_Given data_
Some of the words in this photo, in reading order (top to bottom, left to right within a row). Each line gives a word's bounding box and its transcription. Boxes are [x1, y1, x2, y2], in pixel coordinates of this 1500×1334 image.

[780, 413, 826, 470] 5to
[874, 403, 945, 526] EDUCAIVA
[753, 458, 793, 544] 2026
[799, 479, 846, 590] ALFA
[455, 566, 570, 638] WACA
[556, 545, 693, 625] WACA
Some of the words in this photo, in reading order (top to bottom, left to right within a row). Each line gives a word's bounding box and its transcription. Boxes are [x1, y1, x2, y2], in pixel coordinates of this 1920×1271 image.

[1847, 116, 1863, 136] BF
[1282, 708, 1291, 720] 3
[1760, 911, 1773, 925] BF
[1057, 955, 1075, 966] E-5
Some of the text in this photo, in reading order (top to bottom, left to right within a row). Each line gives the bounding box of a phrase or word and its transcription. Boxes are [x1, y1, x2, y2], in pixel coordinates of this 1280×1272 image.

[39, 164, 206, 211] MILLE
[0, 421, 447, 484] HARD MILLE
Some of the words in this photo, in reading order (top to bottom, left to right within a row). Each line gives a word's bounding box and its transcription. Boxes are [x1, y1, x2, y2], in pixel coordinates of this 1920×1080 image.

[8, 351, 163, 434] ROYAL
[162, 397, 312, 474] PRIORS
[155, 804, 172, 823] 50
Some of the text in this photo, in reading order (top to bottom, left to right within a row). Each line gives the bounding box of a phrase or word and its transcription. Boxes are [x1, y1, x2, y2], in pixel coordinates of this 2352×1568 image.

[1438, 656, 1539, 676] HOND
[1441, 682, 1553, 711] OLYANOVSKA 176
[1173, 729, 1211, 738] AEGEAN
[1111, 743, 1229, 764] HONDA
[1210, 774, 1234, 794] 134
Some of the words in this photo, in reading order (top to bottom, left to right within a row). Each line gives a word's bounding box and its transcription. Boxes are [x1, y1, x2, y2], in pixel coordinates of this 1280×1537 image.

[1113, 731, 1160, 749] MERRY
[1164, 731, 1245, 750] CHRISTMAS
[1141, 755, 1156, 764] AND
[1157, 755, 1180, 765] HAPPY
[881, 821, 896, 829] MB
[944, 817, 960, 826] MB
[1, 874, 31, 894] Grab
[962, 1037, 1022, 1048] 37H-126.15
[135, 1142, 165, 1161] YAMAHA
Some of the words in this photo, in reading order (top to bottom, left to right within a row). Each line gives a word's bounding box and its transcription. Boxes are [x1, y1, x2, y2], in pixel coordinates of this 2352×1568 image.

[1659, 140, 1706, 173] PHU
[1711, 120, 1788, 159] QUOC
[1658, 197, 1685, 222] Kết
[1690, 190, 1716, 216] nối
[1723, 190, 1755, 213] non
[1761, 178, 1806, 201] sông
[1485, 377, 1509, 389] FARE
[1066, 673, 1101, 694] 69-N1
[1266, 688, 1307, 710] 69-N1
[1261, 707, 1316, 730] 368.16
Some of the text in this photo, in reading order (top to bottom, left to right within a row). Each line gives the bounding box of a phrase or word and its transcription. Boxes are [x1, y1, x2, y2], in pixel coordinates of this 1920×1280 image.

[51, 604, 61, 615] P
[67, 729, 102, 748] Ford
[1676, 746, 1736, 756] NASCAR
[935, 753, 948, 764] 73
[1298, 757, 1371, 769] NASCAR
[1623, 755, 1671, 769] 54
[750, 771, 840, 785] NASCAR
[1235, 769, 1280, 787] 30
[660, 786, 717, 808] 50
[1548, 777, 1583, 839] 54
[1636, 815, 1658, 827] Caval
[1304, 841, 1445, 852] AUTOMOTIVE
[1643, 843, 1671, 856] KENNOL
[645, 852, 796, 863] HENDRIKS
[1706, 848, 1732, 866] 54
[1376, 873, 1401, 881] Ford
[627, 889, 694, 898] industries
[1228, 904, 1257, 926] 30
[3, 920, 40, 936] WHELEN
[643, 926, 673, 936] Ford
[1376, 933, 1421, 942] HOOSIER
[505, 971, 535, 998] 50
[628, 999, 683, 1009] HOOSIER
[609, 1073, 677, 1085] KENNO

_Problem_
Every record above should be copied exactly.

_Response area_
Some of the words in this photo, in reading order (top to bottom, left to right within a row). Each line gives a word's bounding box and its transcription. Boxes are [x1, y1, x2, y2], in pixel coordinates of this 1500×1334 image.

[780, 413, 826, 470] 5to
[874, 403, 945, 526] EDUCAIVA
[753, 458, 793, 544] 2026
[799, 479, 846, 590] ALFA
[455, 566, 570, 638] WACA
[556, 545, 693, 625] WACA
Some of the words in this photo, in reading order (top to bottom, left to right within a row). Each line gives a word's bounding box and its transcription. Boxes are [x1, y1, x2, y2], in pixel coordinates of this 1920×1271 image.

[1847, 116, 1863, 136] BF
[1282, 708, 1291, 720] 3
[1760, 911, 1773, 925] BF
[1057, 955, 1075, 966] E-5
Some of the text in this photo, in reading order (top to bottom, left to right within a row). Each line gives the bounding box of a phrase or word and its transcription. Boxes are [x1, y1, x2, y2], in pixel coordinates of this 1280×1272 image.

[39, 164, 206, 211] MILLE
[0, 421, 447, 484] HARD MILLE
Some of the words in this photo, in reading order (top to bottom, left to right within a row). Each line gives a word's bounding box and its transcription. Boxes are [x1, y1, x2, y2], in pixel coordinates of this 1920×1080 image.

[8, 351, 163, 434] ROYAL
[162, 397, 312, 474] PRIORS
[155, 804, 172, 823] 50
Some of the text in this photo, in reading order (top to bottom, left to right within a row). Each line gives the bounding box of a phrase or word and its transcription. Boxes are [x1, y1, x2, y2], in pixel coordinates of this 2352×1568 image.

[1438, 656, 1539, 676] HOND
[1441, 682, 1553, 711] OLYANOVSKA 176
[1173, 729, 1211, 738] AEGEAN
[1111, 743, 1229, 764] HONDA
[1210, 774, 1234, 794] 134
Some of the words in this photo, in reading order (top to bottom, left to right within a row). Each line gives a word's bounding box and its transcription. Boxes are [x1, y1, x2, y2], in pixel coordinates of this 1280×1537 image.

[1113, 731, 1160, 749] MERRY
[1164, 731, 1245, 750] CHRISTMAS
[1141, 755, 1156, 764] AND
[1157, 755, 1180, 765] HAPPY
[881, 821, 896, 829] MB
[944, 817, 960, 826] MB
[1, 874, 31, 894] Grab
[962, 1037, 1022, 1048] 37H-126.15
[135, 1142, 165, 1161] YAMAHA
Some of the words in this photo, in reading order (top to bottom, left to right within a row). Each line gives a word's bounding box and its transcription. Boxes are [x1, y1, x2, y2], in pixel coordinates of this 2352×1568 image.

[1659, 140, 1706, 173] PHU
[1711, 120, 1788, 159] QUOC
[1658, 197, 1685, 222] Kết
[1690, 190, 1716, 216] nối
[1723, 190, 1755, 213] non
[1761, 178, 1806, 201] sông
[1485, 377, 1509, 389] FARE
[1066, 673, 1101, 694] 69-N1
[1266, 688, 1307, 710] 69-N1
[1261, 707, 1316, 730] 368.16
Some of the text in this photo, in reading order (top to bottom, left to right within a row). Each line gives the bounding box of a phrase or word and its transcription. Boxes are [x1, y1, x2, y2], in pixel coordinates of this 1920×1280 image.

[51, 604, 61, 615] P
[67, 729, 102, 748] Ford
[1676, 746, 1736, 756] NASCAR
[935, 753, 948, 764] 73
[1298, 757, 1371, 769] NASCAR
[1623, 755, 1671, 769] 54
[750, 771, 840, 785] NASCAR
[1235, 769, 1280, 787] 30
[660, 786, 717, 808] 50
[1548, 777, 1583, 839] 54
[1636, 815, 1658, 827] Caval
[1304, 841, 1445, 852] AUTOMOTIVE
[1643, 843, 1671, 856] KENNOL
[645, 852, 796, 863] HENDRIKS
[1706, 848, 1732, 866] 54
[1376, 873, 1401, 881] Ford
[627, 889, 694, 898] industries
[1228, 904, 1257, 926] 30
[3, 920, 40, 936] WHELEN
[643, 926, 673, 936] Ford
[1376, 933, 1421, 942] HOOSIER
[505, 971, 535, 998] 50
[628, 999, 683, 1009] HOOSIER
[609, 1073, 677, 1085] KENNO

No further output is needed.